Friday, September 30, 2011

Once Upon a Time . . .

In 1956, Peter Stang left his hometown in Hungary to travel to the United States. Why? Because the U.S. represented opportunity—opportunity to achieve anything Stang could imagine. Now, at 69, Peter Stang is receiving the National Medal of Science, the highest honor given to a scientist or engineer by the United States.

Over 50 years ago, and even before that, immigrants came to the U.S. searching for a better life, knowing the freedom to study, learn, and progress was finally possible. Some might argue that the country has lost that reputation or that it has significantly diminished. Although we may not currently be at the top compared to competing nations of the world in math and science, the United States still has an abundance of potential. Peter Stang became a world-renowned chemist (ranked 69th on a list of the world’s top 100 chemists) because he had opportunities. He credits his success to the freedoms and opportunities he has enjoyed in the U.S. “This is the only country in the world that I know of that takes the best of anyone in the world and gives them the opportunity to succeed.”

Can the United States still be the catalyst for great learning and innovation? How?

Learn more about Peter Stang by clicking here.

Friday, September 23, 2011

Will Wyoming's Students Achieve with the Common Core State Standards

In June 2010, Wyoming’s Board of Education decided to adopt the Common Core State Standards.
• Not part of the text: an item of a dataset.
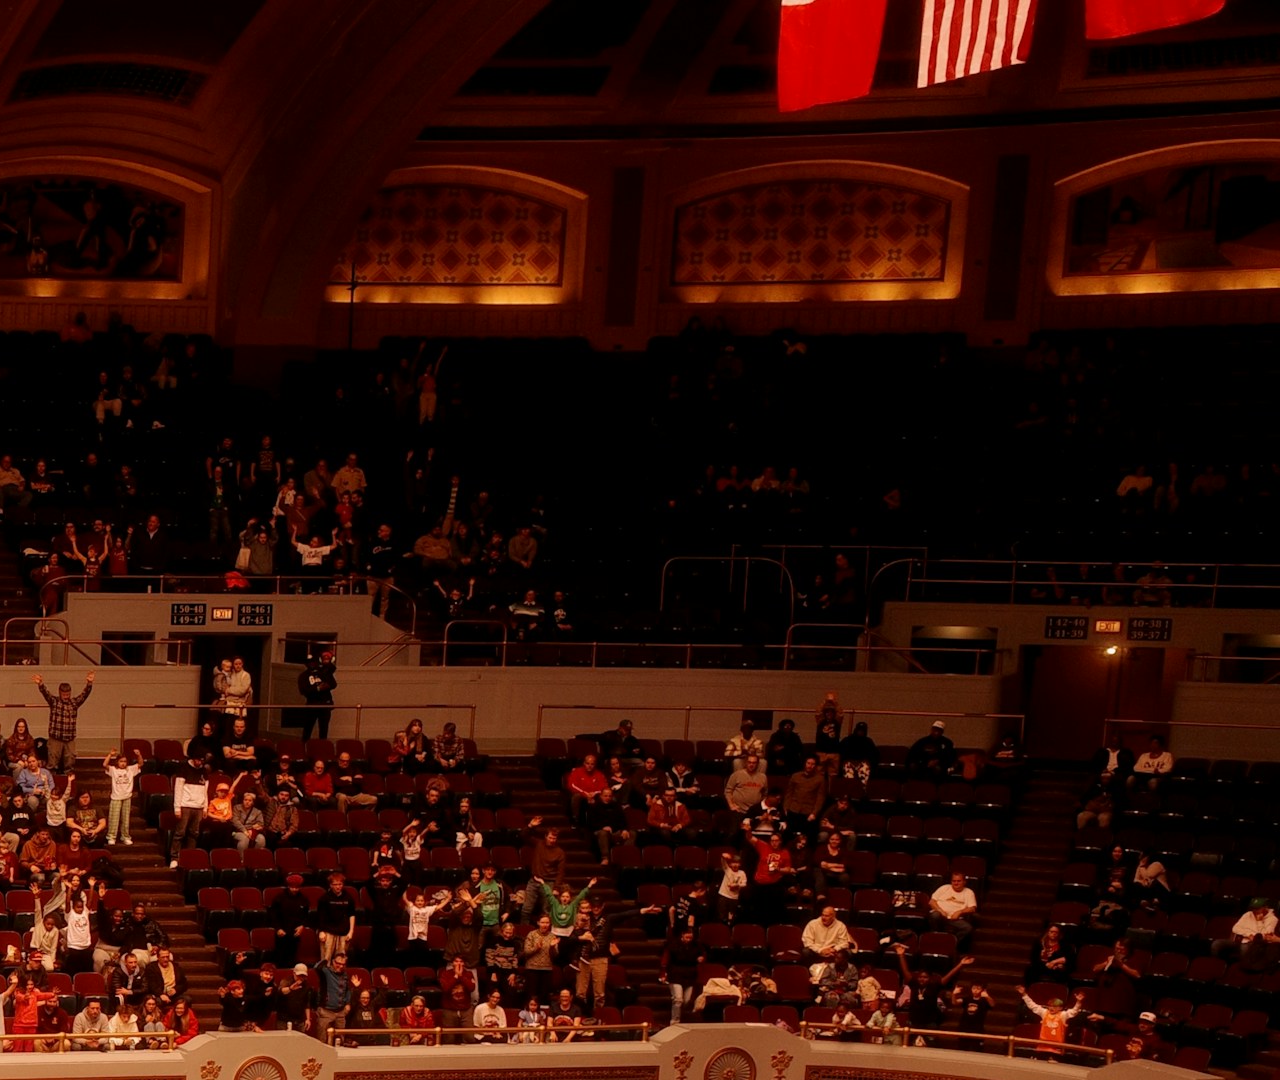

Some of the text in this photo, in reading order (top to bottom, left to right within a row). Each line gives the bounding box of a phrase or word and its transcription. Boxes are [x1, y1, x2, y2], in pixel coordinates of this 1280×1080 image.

Although the opportunity to raise the English and math scores of students seems like a good idea, nearly one-third of the members of the Legislature’s Joint Interim Education Committee have decided that the Common Core math standards are too difficult for Wyoming students.
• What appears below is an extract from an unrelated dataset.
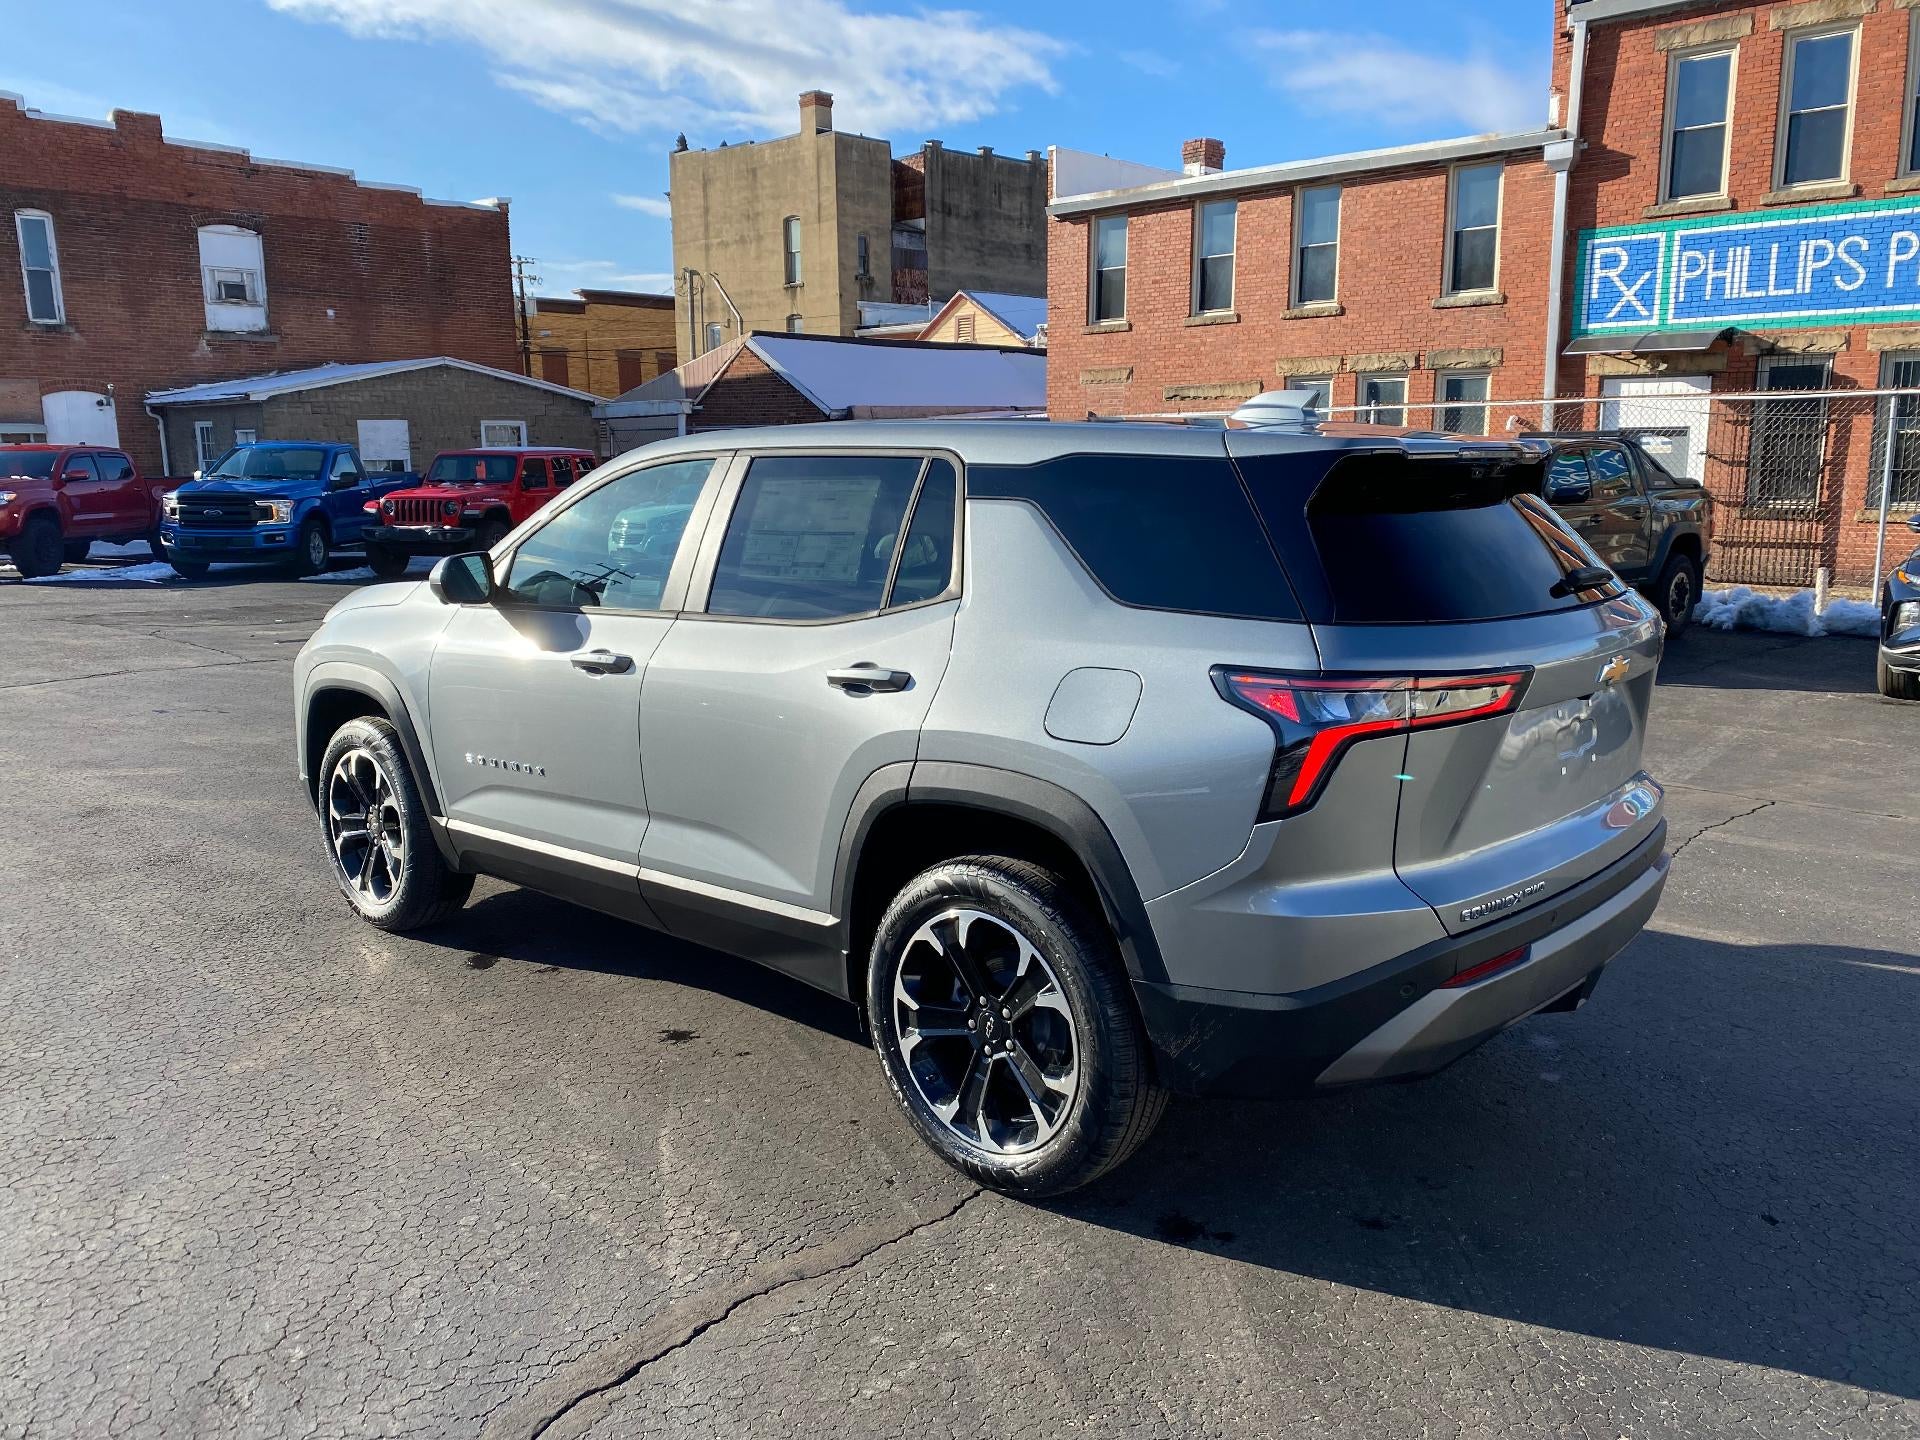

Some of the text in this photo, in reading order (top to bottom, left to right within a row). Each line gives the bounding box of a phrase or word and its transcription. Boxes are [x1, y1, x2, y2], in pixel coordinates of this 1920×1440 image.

[1678, 230, 1920, 302] PHILLIPS P
[1461, 890, 1522, 921] EQUINOX
One would think if students are struggling with achieving the standards that almost every state in America has adopted, what will change if the standards don’t change? What will be done to ensure those students stop struggling and experience high-level learning? If the legislative committee reverses the decision by the Board of Education, Wyoming’s students likely will always be behind the other states in terms of math achievement.

Kay Persichette, dean of the University of Wyoming’s College of Education, said the Common Core Standards do raise the bar in math. That’s exactly what should happen if our students are falling behind their counterparts in other states.

“It only makes sense that we have some platform of expectations in terms of rigorous common standards in core subjects across the nation if we’re going to be able to reasonably compare achievement, progress and learning,” Persichette said.

Monday, September 19, 2011

How Do We Determine Teacher Effectiveness?

National leaders, teachers’ unions, state officialsall have tried to come up with the most effective method for evaluating teachers. What will ensure quality educators for the students in our schools? Although there is no simple, ready-made solution, Nancy Folbre argues in an article in the New York Times that rating teachers according to their students’ performance on standardized tests and firing those who don’t make the grade will likely backfire.

Too much pressure to improve students’ test scores can reduce attention to other aspects of the curriculum and discourage cultivation of broader problem-solving skills, also known as “teaching to the test.” The economists Bengt Holmstrom and Paul Milgrom describe the general problem of misaligned incentives in more formal terms – workers who are rewarded only for accomplishment of easily measurable tasks reduce the effort devoted to other tasks.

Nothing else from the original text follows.